The defined contribution industry has several major issues to address in the years to come.
David Ireland, senior managing director and the global head of defined contribution at State Street Global Advisors, stopped by ThinkAdvisor's office recently to discuss two issues in particular that are on SSGA's radar: access and coverage, and retirement income.
SSGA's defined contribution investment only (DCIO) business has approximately 13 million participants and more than $400 billion in DC plan assets and $51 billion in target date assets.
Access and Coverage
SSGA continues to express the need to expand access and coverage to retirement plans.
More than 30 million full-time, full-year private sector American workers do not have access to a workplace retirement plan, according to research from The Pew Charitable Trusts.
Of the 58% of workers that have access to a workplace retirement plan, only about half of them participate in a plan.
"One of the things that's core to our mission in our DC business is improving retirement outcomes … and we can do that in part through investment products," Ireland told ThinkAdvisor. "But if they don't have access to a plan, or the plan isn't even in place, we can't do anything for them. So we first have to get them access."
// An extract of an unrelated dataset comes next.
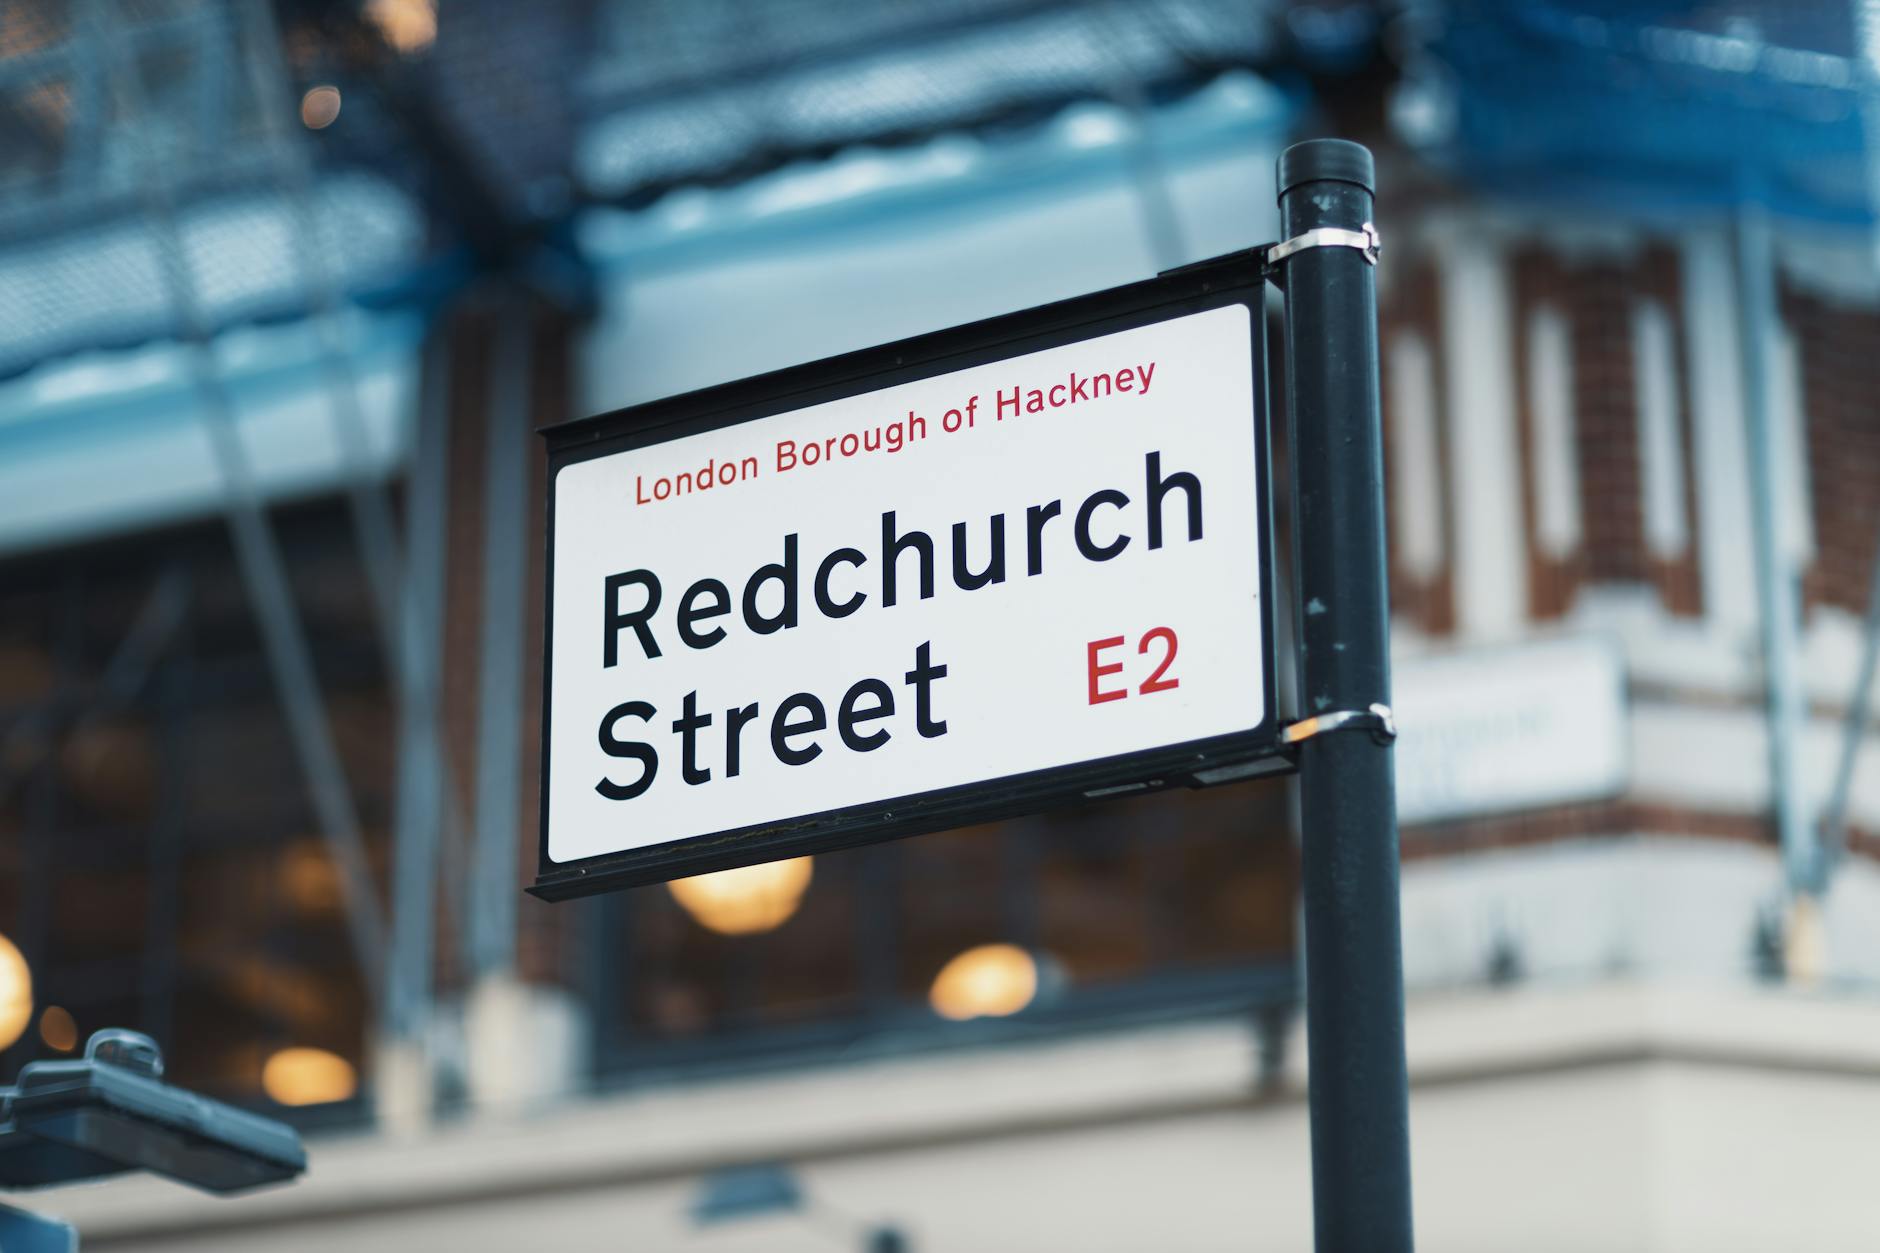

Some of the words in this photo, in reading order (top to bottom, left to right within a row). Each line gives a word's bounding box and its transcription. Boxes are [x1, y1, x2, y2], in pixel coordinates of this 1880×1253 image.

One way SSGA has encouraged access is by supporting state-sponsored retirement plans.
Oregon – the first state to implement a state-sponsored auto-enrollment individual retirement account program – launched its OregonSaves retirement program in July of last year. And SSGA now manages the assets of OregonSaves.
Illinois, California, Connecticut and Maryland have similar programs in the works.
While SSGA is supportive of the states going at it on their own to try and solve this access and coverage issue, it also may not be the most effective pursuit.
"The state-based approach is a little bit 'patchwork,'" Ireland explained. You've got Oregon going at it alone, you've got California [and] Illinois' doing it … They're all doing the right thing, but they're not scaling. It's not as efficient as it could be, it's not as coordinated as it could be."
SSGA's preference would be to have "something that's bigger," like "some type of a federal plan that covers everyone," Ireland said.